» **WORK INSTRUCTIONS**: The pictures stay out; all of the data is to be printed exactly.

#### DATA EXTRACTS

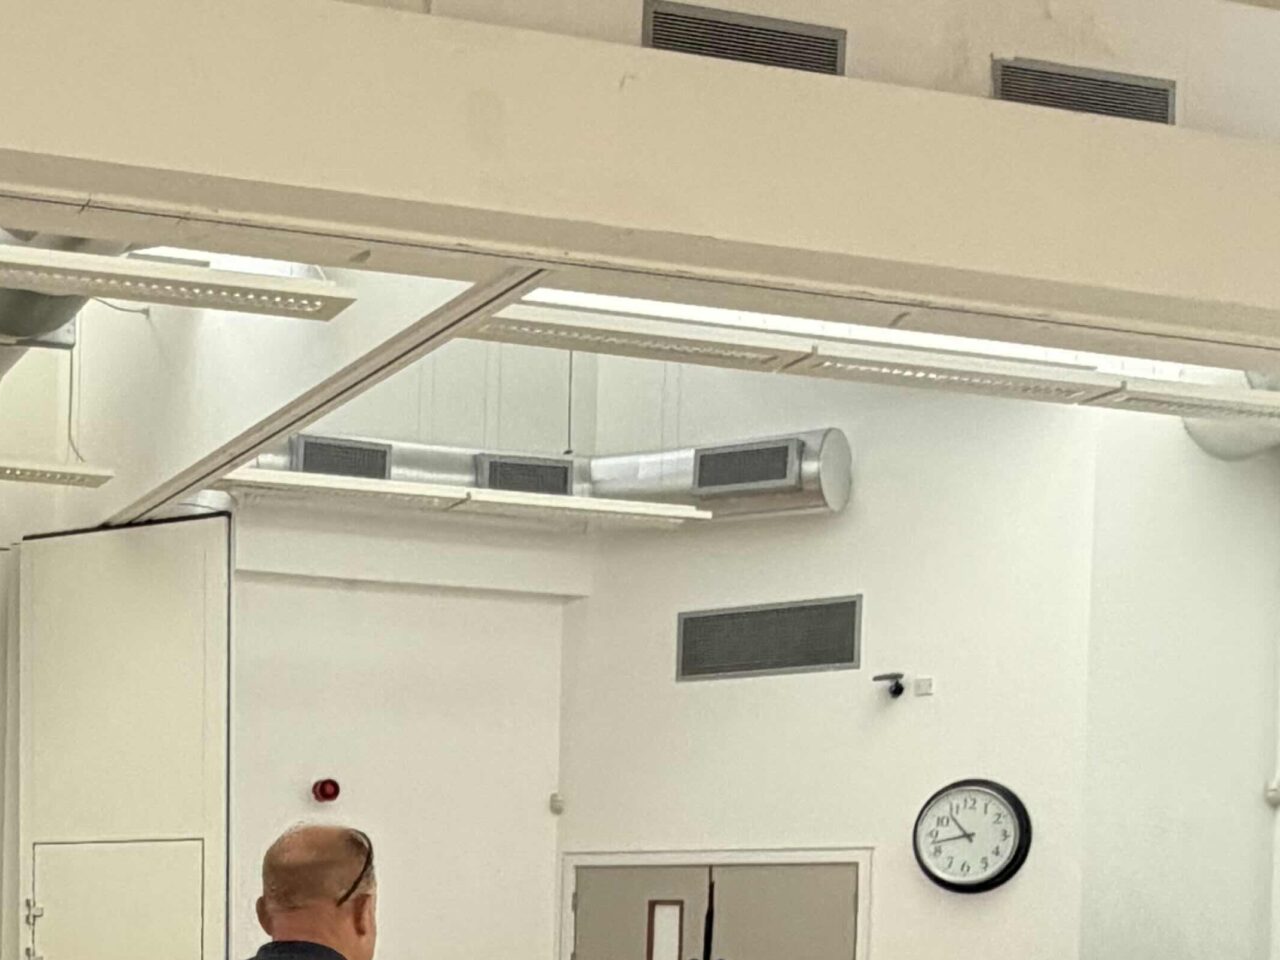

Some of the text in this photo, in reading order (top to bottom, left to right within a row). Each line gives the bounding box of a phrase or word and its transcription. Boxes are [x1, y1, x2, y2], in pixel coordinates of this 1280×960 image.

[963, 797, 977, 810] 12
[936, 815, 950, 828] 10
[993, 812, 1003, 825] 2
[928, 829, 939, 841] 9
[1000, 829, 1009, 842] 3
[933, 845, 942, 857] 8
[992, 845, 1001, 857] 4
[946, 856, 955, 869] 7
[960, 860, 971, 873] 6
[980, 857, 989, 871] 5

########

» **REPLY TO THE TASK**:
Some of the text in this photo, in reading order (top to bottom, left to right within a row). Each line gives the bounding box of a phrase or word and its transcription. Boxes are [x1, y1, x2, y2], in pixel coordinates of this 1280×960 image.

[963, 797, 977, 810] 12
[936, 815, 950, 828] 10
[993, 812, 1003, 825] 2
[928, 829, 939, 841] 9
[1000, 829, 1009, 842] 3
[933, 845, 942, 857] 8
[992, 845, 1001, 857] 4
[946, 856, 955, 869] 7
[960, 860, 971, 873] 6
[980, 857, 989, 871] 5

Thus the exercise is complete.